Exercise brief:
Reproduce exactly, from the data that follows, the line with "this 900×1600 image.", the line with "Some of the words", and every line that lies between them.

[Spatial localization data]
# # # #

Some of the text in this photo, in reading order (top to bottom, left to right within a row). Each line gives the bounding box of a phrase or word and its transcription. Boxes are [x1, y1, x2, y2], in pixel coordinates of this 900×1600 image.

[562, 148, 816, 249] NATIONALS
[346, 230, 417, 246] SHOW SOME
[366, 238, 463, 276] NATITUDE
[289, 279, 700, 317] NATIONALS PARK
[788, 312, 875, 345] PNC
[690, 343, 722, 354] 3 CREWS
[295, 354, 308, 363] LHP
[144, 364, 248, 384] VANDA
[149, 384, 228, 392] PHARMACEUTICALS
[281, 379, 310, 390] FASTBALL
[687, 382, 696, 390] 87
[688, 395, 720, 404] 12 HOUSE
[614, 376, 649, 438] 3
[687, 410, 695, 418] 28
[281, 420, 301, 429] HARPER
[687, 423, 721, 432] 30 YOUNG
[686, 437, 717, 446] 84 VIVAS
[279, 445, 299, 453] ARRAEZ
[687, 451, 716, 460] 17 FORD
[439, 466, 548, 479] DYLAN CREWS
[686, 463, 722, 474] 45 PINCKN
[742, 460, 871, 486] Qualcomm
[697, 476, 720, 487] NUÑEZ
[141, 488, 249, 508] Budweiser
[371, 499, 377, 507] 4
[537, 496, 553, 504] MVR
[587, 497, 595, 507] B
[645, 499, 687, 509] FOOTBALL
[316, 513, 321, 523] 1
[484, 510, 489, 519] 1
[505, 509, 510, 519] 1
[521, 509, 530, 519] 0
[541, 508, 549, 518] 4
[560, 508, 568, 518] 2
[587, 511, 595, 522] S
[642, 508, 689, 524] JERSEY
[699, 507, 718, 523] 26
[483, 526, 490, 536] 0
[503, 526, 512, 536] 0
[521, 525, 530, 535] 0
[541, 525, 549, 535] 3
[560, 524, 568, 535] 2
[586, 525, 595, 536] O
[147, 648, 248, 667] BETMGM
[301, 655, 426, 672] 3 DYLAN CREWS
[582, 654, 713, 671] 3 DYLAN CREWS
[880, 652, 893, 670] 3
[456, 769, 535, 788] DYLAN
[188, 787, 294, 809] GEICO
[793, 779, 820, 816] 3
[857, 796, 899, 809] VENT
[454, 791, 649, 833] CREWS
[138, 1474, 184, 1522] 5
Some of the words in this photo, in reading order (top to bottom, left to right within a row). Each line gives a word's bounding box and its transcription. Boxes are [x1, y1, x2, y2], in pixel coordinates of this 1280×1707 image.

# # # #

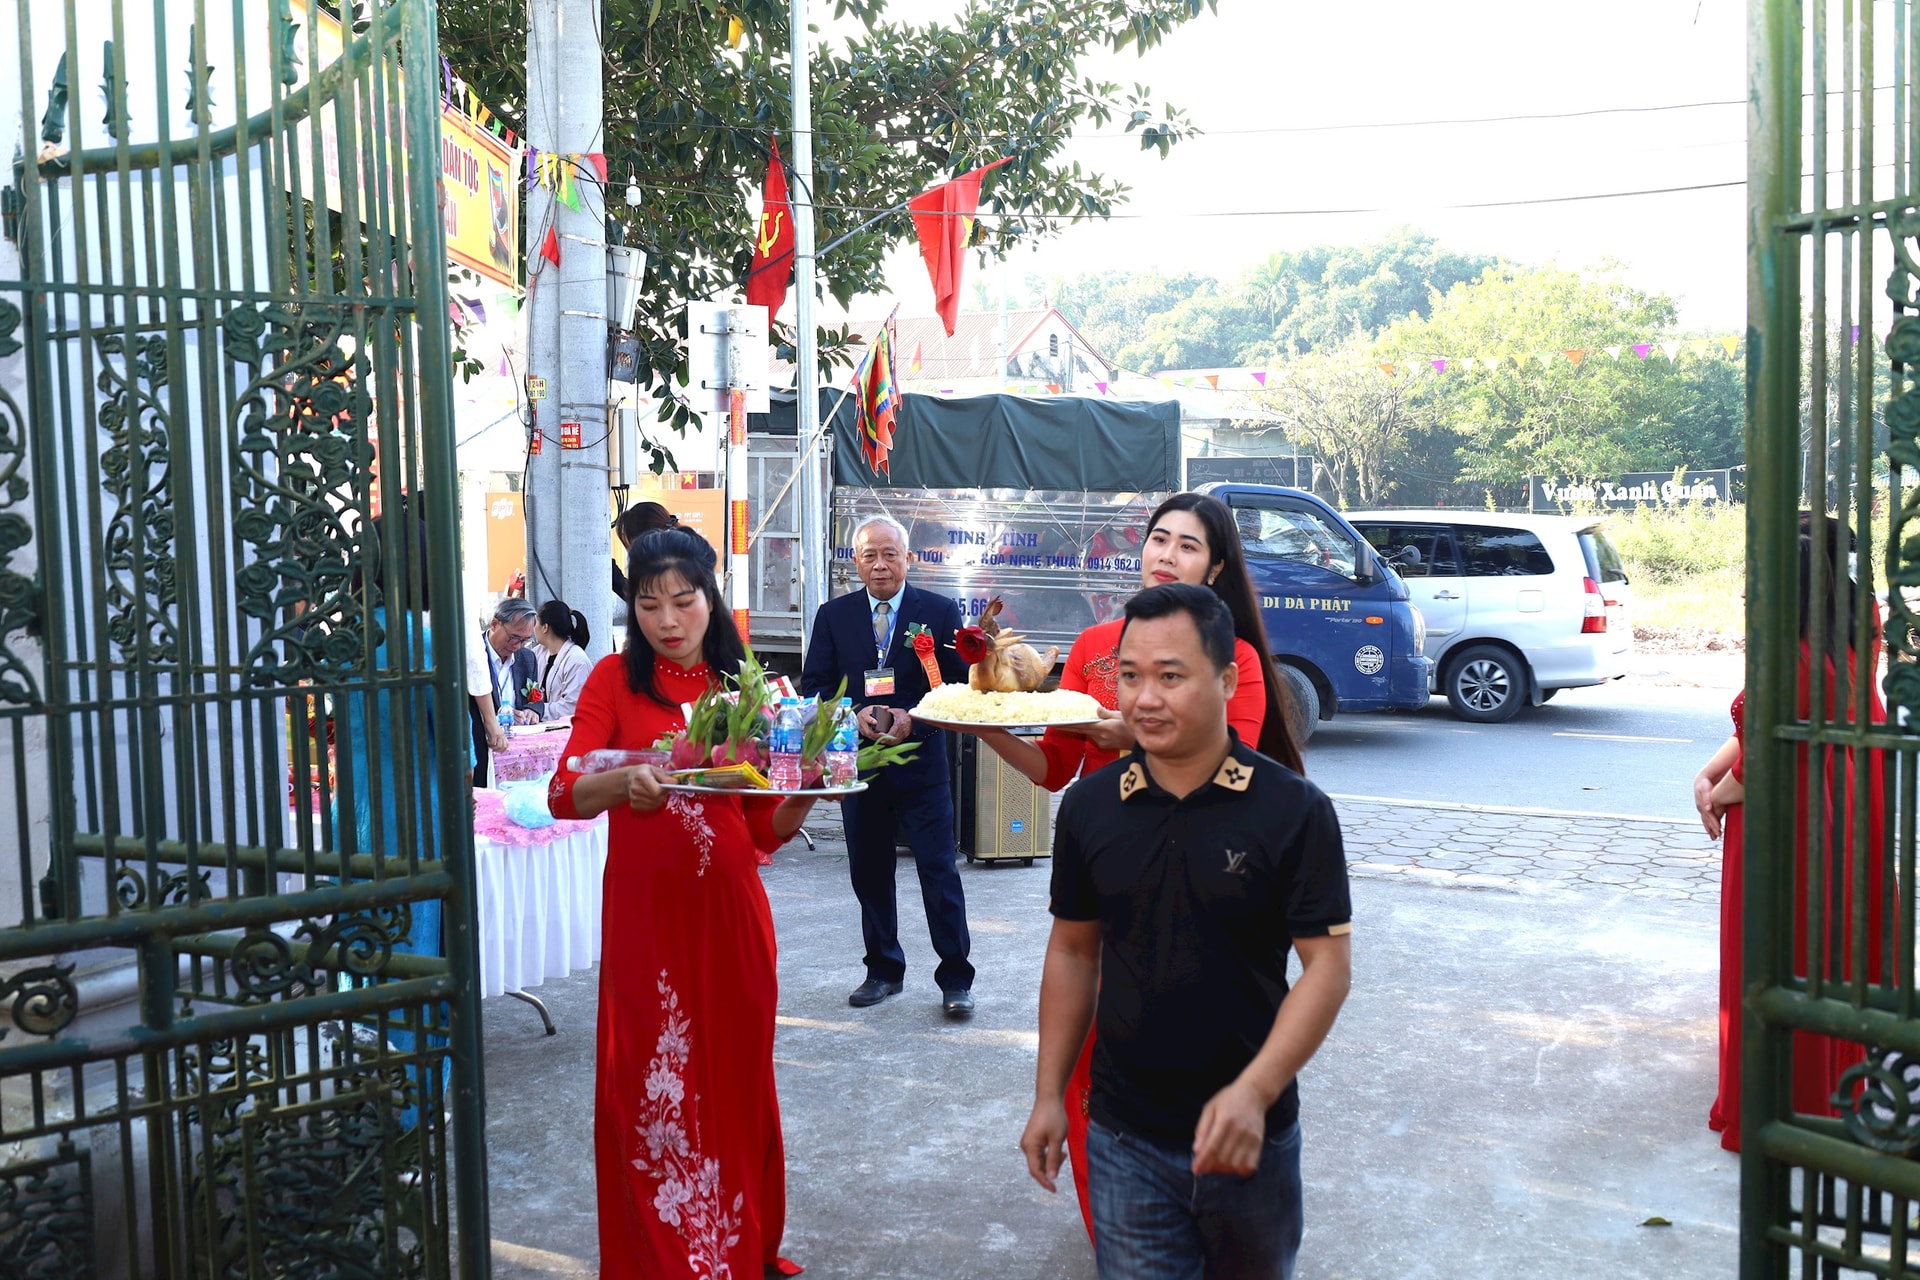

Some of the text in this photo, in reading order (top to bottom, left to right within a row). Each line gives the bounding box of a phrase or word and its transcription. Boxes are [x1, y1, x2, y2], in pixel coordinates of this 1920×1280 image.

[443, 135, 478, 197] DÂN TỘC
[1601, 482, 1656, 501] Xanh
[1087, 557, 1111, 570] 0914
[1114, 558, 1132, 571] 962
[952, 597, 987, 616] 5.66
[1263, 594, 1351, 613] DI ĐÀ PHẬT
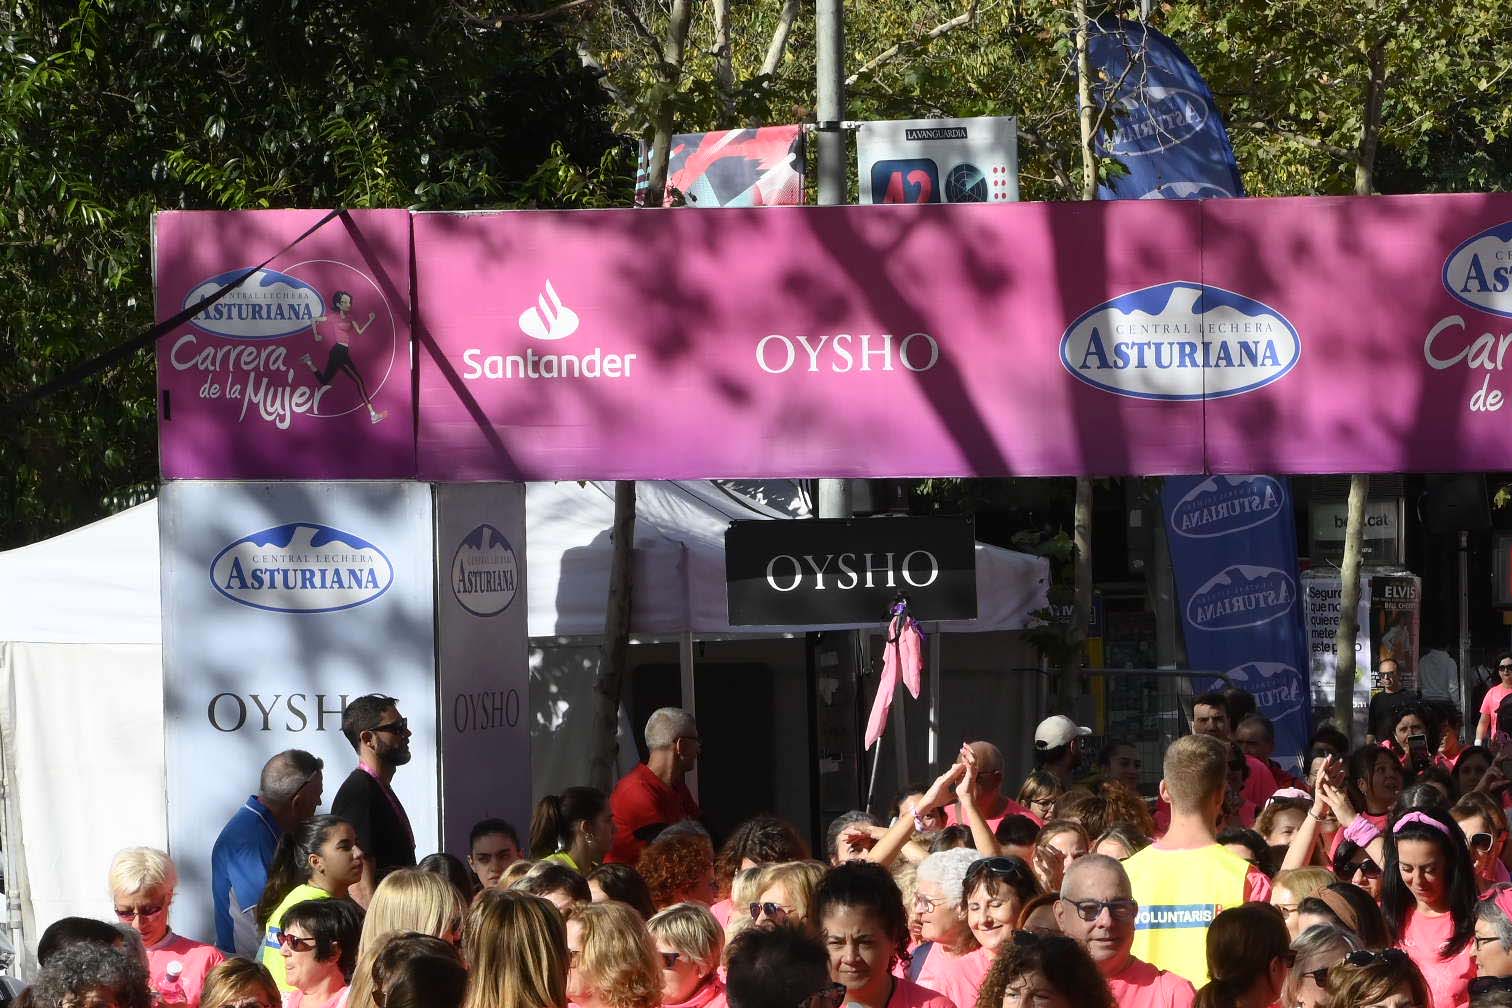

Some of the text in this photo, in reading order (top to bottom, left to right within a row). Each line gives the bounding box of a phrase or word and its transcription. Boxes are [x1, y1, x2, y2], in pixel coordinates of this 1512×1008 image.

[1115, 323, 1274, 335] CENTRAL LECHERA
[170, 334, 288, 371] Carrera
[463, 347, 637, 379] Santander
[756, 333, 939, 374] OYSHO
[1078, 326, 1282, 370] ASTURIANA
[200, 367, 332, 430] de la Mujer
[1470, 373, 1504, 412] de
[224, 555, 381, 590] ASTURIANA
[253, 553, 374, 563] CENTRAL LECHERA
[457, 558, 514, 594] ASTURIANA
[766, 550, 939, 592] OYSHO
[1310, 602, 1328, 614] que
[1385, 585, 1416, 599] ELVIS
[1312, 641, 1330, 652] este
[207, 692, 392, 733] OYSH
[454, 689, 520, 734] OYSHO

# # # #

Answer to this task:
Some of the text in this photo, in reading order (top to bottom, left to right within a row). Each line gives the bounding box of a phrase or word and its transcription. Boxes are [x1, y1, x2, y2], in pixel coordinates of this 900×1600 image.

[562, 148, 816, 249] NATIONALS
[346, 230, 417, 246] SHOW SOME
[366, 238, 463, 276] NATITUDE
[289, 279, 700, 317] NATIONALS PARK
[788, 312, 875, 345] PNC
[690, 343, 722, 354] 3 CREWS
[295, 354, 308, 363] LHP
[144, 364, 248, 384] VANDA
[149, 384, 228, 392] PHARMACEUTICALS
[281, 379, 310, 390] FASTBALL
[687, 382, 696, 390] 87
[688, 395, 720, 404] 12 HOUSE
[614, 376, 649, 438] 3
[687, 410, 695, 418] 28
[281, 420, 301, 429] HARPER
[687, 423, 721, 432] 30 YOUNG
[686, 437, 717, 446] 84 VIVAS
[279, 445, 299, 453] ARRAEZ
[687, 451, 716, 460] 17 FORD
[439, 466, 548, 479] DYLAN CREWS
[686, 463, 722, 474] 45 PINCKN
[742, 460, 871, 486] Qualcomm
[697, 476, 720, 487] NUÑEZ
[141, 488, 249, 508] Budweiser
[371, 499, 377, 507] 4
[537, 496, 553, 504] MVR
[587, 497, 595, 507] B
[645, 499, 687, 509] FOOTBALL
[316, 513, 321, 523] 1
[484, 510, 489, 519] 1
[505, 509, 510, 519] 1
[521, 509, 530, 519] 0
[541, 508, 549, 518] 4
[560, 508, 568, 518] 2
[587, 511, 595, 522] S
[642, 508, 689, 524] JERSEY
[699, 507, 718, 523] 26
[483, 526, 490, 536] 0
[503, 526, 512, 536] 0
[521, 525, 530, 535] 0
[541, 525, 549, 535] 3
[560, 524, 568, 535] 2
[586, 525, 595, 536] O
[147, 648, 248, 667] BETMGM
[301, 655, 426, 672] 3 DYLAN CREWS
[582, 654, 713, 671] 3 DYLAN CREWS
[880, 652, 893, 670] 3
[456, 769, 535, 788] DYLAN
[188, 787, 294, 809] GEICO
[793, 779, 820, 816] 3
[857, 796, 899, 809] VENT
[454, 791, 649, 833] CREWS
[138, 1474, 184, 1522] 5
Some of the words in this photo, in reading order (top to bottom, left to right within a row). Each line gives a word's bounding box and its transcription. Boxes are [x1, y1, x2, y2], in pixel coordinates of this 1280×1707 image.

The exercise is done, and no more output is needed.